> **EXERCISE OBJECTIVE**
This exercise asks for every record to be output again exactly.

> **RECORDS SUPPLIED**
━━━━
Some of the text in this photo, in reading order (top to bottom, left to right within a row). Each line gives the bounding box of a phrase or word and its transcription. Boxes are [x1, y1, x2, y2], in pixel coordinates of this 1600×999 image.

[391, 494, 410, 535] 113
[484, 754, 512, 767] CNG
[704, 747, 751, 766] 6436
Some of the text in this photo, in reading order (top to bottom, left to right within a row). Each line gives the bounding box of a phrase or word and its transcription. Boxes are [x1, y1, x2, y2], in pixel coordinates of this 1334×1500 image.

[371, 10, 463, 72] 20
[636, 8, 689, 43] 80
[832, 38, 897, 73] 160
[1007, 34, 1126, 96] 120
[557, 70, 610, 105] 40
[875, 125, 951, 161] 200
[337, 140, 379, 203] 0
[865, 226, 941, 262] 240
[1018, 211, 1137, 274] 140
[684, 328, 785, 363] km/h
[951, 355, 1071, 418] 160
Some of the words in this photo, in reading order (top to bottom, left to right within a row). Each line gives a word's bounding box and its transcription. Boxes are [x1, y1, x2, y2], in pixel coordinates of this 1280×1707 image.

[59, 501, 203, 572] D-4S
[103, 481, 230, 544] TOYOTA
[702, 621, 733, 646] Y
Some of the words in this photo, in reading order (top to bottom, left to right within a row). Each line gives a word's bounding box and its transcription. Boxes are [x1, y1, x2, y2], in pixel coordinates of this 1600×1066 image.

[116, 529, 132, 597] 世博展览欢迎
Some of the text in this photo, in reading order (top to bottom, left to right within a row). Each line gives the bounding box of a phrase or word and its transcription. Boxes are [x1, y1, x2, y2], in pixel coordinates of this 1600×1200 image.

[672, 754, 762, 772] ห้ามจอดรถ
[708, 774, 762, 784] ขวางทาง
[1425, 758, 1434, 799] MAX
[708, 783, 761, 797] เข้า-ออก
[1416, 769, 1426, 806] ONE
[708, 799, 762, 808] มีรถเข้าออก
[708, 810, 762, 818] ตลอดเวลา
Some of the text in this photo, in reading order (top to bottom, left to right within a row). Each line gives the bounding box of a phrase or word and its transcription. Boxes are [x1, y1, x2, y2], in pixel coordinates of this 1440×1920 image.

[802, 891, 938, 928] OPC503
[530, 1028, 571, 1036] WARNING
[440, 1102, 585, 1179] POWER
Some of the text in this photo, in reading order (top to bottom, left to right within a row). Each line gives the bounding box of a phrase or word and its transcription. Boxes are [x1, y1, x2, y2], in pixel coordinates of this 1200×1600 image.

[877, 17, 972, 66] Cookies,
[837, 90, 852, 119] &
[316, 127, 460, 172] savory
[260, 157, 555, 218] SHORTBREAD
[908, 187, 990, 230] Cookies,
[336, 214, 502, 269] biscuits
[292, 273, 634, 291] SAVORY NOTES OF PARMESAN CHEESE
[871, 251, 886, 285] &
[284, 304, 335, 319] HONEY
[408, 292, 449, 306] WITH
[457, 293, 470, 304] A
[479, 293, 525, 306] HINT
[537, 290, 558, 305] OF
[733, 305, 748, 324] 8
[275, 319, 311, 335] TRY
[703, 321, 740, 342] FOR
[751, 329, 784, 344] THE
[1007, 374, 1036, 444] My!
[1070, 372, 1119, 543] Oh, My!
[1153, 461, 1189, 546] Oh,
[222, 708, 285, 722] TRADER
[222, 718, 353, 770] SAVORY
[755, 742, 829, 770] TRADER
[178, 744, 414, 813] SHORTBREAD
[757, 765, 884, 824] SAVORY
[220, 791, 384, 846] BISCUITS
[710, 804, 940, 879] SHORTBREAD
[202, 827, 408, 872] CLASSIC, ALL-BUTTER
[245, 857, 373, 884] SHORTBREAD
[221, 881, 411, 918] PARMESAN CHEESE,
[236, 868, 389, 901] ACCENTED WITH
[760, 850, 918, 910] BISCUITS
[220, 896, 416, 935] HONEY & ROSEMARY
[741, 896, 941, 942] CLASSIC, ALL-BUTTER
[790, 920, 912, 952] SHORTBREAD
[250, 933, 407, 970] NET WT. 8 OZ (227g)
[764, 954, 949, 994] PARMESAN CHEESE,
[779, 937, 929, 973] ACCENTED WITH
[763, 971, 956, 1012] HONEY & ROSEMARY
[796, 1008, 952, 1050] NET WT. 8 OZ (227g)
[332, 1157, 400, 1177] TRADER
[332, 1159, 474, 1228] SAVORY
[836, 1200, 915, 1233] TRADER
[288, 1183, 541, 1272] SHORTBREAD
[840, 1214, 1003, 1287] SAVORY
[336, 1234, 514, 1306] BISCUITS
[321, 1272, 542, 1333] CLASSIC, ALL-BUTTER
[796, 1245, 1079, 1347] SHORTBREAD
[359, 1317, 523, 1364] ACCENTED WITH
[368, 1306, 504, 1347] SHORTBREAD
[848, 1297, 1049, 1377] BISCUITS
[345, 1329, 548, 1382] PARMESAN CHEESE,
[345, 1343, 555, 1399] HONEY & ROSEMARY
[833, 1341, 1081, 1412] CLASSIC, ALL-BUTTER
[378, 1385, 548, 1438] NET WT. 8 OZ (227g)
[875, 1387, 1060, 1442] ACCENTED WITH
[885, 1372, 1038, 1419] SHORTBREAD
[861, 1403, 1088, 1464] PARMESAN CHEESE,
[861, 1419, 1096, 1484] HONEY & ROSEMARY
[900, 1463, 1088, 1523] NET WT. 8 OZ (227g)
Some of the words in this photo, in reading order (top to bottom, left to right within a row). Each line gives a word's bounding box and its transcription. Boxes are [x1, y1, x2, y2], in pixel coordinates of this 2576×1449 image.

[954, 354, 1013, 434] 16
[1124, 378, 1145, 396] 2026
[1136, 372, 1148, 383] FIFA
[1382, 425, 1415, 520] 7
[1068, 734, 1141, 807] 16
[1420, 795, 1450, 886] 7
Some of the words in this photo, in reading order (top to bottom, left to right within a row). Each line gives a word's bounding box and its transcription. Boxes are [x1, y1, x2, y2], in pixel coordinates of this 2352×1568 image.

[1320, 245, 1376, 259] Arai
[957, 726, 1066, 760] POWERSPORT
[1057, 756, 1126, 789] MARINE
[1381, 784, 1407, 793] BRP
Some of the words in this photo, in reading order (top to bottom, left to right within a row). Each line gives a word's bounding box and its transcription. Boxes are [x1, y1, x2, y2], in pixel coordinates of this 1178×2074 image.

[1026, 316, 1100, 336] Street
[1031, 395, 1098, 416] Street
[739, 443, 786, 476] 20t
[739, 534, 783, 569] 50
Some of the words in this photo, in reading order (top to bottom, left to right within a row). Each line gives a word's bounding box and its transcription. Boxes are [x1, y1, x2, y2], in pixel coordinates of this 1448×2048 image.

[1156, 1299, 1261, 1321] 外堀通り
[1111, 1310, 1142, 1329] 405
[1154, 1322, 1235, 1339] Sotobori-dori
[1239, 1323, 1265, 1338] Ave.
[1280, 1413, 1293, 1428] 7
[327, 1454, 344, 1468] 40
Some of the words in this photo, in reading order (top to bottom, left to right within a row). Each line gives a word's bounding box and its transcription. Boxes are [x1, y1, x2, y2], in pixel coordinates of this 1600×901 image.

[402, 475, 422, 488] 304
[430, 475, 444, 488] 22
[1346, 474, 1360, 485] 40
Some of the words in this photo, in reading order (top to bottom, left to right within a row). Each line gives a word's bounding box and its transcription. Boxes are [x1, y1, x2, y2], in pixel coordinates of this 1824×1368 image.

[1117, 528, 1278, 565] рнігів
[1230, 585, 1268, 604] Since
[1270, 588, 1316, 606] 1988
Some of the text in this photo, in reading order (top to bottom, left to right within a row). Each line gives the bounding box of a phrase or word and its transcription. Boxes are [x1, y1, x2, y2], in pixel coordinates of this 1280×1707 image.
━━━━
> **EXERCISE OUTPUT**
Some of the text in this photo, in reading order (top to bottom, left to right within a row). Each line gives the bounding box of a phrase or word and its transcription. Boxes are [x1, y1, x2, y2], in pixel coordinates of this 1600×999 image.

[391, 494, 410, 535] 113
[484, 754, 512, 767] CNG
[704, 747, 751, 766] 6436
Some of the text in this photo, in reading order (top to bottom, left to right within a row). Each line gives the bounding box of a phrase or word and its transcription. Boxes are [x1, y1, x2, y2], in pixel coordinates of this 1334×1500 image.

[371, 10, 463, 72] 20
[636, 8, 689, 43] 80
[832, 38, 897, 73] 160
[1007, 34, 1126, 96] 120
[557, 70, 610, 105] 40
[875, 125, 951, 161] 200
[337, 140, 379, 203] 0
[865, 226, 941, 262] 240
[1018, 211, 1137, 274] 140
[684, 328, 785, 363] km/h
[951, 355, 1071, 418] 160
Some of the words in this photo, in reading order (top to bottom, left to right within a row). Each line gives a word's bounding box and its transcription. Boxes are [x1, y1, x2, y2], in pixel coordinates of this 1280×1707 image.

[59, 501, 203, 572] D-4S
[103, 481, 230, 544] TOYOTA
[702, 621, 733, 646] Y
Some of the words in this photo, in reading order (top to bottom, left to right within a row). Each line gives a word's bounding box and its transcription. Boxes are [x1, y1, x2, y2], in pixel coordinates of this 1600×1066 image.

[116, 529, 132, 597] 世博展览欢迎
Some of the text in this photo, in reading order (top to bottom, left to right within a row). Each line gives the bounding box of a phrase or word and its transcription. Boxes are [x1, y1, x2, y2], in pixel coordinates of this 1600×1200 image.

[672, 754, 762, 772] ห้ามจอดรถ
[708, 774, 762, 784] ขวางทาง
[1425, 758, 1434, 799] MAX
[708, 783, 761, 797] เข้า-ออก
[1416, 769, 1426, 806] ONE
[708, 799, 762, 808] มีรถเข้าออก
[708, 810, 762, 818] ตลอดเวลา
Some of the text in this photo, in reading order (top to bottom, left to right within a row). Each line gives the bounding box of a phrase or word and its transcription. Boxes are [x1, y1, x2, y2], in pixel coordinates of this 1440×1920 image.

[802, 891, 938, 928] OPC503
[530, 1028, 571, 1036] WARNING
[440, 1102, 585, 1179] POWER
Some of the text in this photo, in reading order (top to bottom, left to right within a row). Each line gives the bounding box of a phrase or word and its transcription. Boxes are [x1, y1, x2, y2], in pixel coordinates of this 1200×1600 image.

[877, 17, 972, 66] Cookies,
[837, 90, 852, 119] &
[316, 127, 460, 172] savory
[260, 157, 555, 218] SHORTBREAD
[908, 187, 990, 230] Cookies,
[336, 214, 502, 269] biscuits
[292, 273, 634, 291] SAVORY NOTES OF PARMESAN CHEESE
[871, 251, 886, 285] &
[284, 304, 335, 319] HONEY
[408, 292, 449, 306] WITH
[457, 293, 470, 304] A
[479, 293, 525, 306] HINT
[537, 290, 558, 305] OF
[733, 305, 748, 324] 8
[275, 319, 311, 335] TRY
[703, 321, 740, 342] FOR
[751, 329, 784, 344] THE
[1007, 374, 1036, 444] My!
[1070, 372, 1119, 543] Oh, My!
[1153, 461, 1189, 546] Oh,
[222, 708, 285, 722] TRADER
[222, 718, 353, 770] SAVORY
[755, 742, 829, 770] TRADER
[178, 744, 414, 813] SHORTBREAD
[757, 765, 884, 824] SAVORY
[220, 791, 384, 846] BISCUITS
[710, 804, 940, 879] SHORTBREAD
[202, 827, 408, 872] CLASSIC, ALL-BUTTER
[245, 857, 373, 884] SHORTBREAD
[221, 881, 411, 918] PARMESAN CHEESE,
[236, 868, 389, 901] ACCENTED WITH
[760, 850, 918, 910] BISCUITS
[220, 896, 416, 935] HONEY & ROSEMARY
[741, 896, 941, 942] CLASSIC, ALL-BUTTER
[790, 920, 912, 952] SHORTBREAD
[250, 933, 407, 970] NET WT. 8 OZ (227g)
[764, 954, 949, 994] PARMESAN CHEESE,
[779, 937, 929, 973] ACCENTED WITH
[763, 971, 956, 1012] HONEY & ROSEMARY
[796, 1008, 952, 1050] NET WT. 8 OZ (227g)
[332, 1157, 400, 1177] TRADER
[332, 1159, 474, 1228] SAVORY
[836, 1200, 915, 1233] TRADER
[288, 1183, 541, 1272] SHORTBREAD
[840, 1214, 1003, 1287] SAVORY
[336, 1234, 514, 1306] BISCUITS
[321, 1272, 542, 1333] CLASSIC, ALL-BUTTER
[796, 1245, 1079, 1347] SHORTBREAD
[359, 1317, 523, 1364] ACCENTED WITH
[368, 1306, 504, 1347] SHORTBREAD
[848, 1297, 1049, 1377] BISCUITS
[345, 1329, 548, 1382] PARMESAN CHEESE,
[345, 1343, 555, 1399] HONEY & ROSEMARY
[833, 1341, 1081, 1412] CLASSIC, ALL-BUTTER
[378, 1385, 548, 1438] NET WT. 8 OZ (227g)
[875, 1387, 1060, 1442] ACCENTED WITH
[885, 1372, 1038, 1419] SHORTBREAD
[861, 1403, 1088, 1464] PARMESAN CHEESE,
[861, 1419, 1096, 1484] HONEY & ROSEMARY
[900, 1463, 1088, 1523] NET WT. 8 OZ (227g)
Some of the words in this photo, in reading order (top to bottom, left to right within a row). Each line gives a word's bounding box and its transcription. Boxes are [x1, y1, x2, y2], in pixel coordinates of this 2576×1449 image.

[954, 354, 1013, 434] 16
[1124, 378, 1145, 396] 2026
[1136, 372, 1148, 383] FIFA
[1382, 425, 1415, 520] 7
[1068, 734, 1141, 807] 16
[1420, 795, 1450, 886] 7
Some of the words in this photo, in reading order (top to bottom, left to right within a row). Each line gives a word's bounding box and its transcription. Boxes are [x1, y1, x2, y2], in pixel coordinates of this 2352×1568 image.

[1320, 245, 1376, 259] Arai
[957, 726, 1066, 760] POWERSPORT
[1057, 756, 1126, 789] MARINE
[1381, 784, 1407, 793] BRP
Some of the words in this photo, in reading order (top to bottom, left to right within a row). Each line gives a word's bounding box and its transcription. Boxes are [x1, y1, x2, y2], in pixel coordinates of this 1178×2074 image.

[1026, 316, 1100, 336] Street
[1031, 395, 1098, 416] Street
[739, 443, 786, 476] 20t
[739, 534, 783, 569] 50
Some of the words in this photo, in reading order (top to bottom, left to right within a row). Each line gives a word's bounding box and its transcription. Boxes are [x1, y1, x2, y2], in pixel coordinates of this 1448×2048 image.

[1156, 1299, 1261, 1321] 外堀通り
[1111, 1310, 1142, 1329] 405
[1154, 1322, 1235, 1339] Sotobori-dori
[1239, 1323, 1265, 1338] Ave.
[1280, 1413, 1293, 1428] 7
[327, 1454, 344, 1468] 40
Some of the words in this photo, in reading order (top to bottom, left to right within a row). Each line gives a word's bounding box and its transcription. Boxes are [x1, y1, x2, y2], in pixel coordinates of this 1600×901 image.

[402, 475, 422, 488] 304
[430, 475, 444, 488] 22
[1346, 474, 1360, 485] 40
Some of the words in this photo, in reading order (top to bottom, left to right within a row). Each line gives a word's bounding box and its transcription. Boxes are [x1, y1, x2, y2], in pixel coordinates of this 1824×1368 image.

[1117, 528, 1278, 565] рнігів
[1230, 585, 1268, 604] Since
[1270, 588, 1316, 606] 1988
Some of the text in this photo, in reading order (top to bottom, left to right within a row). Each line gives the bounding box of a phrase or word and its transcription. Boxes are [x1, y1, x2, y2], in pixel coordinates of this 1280×1707 image.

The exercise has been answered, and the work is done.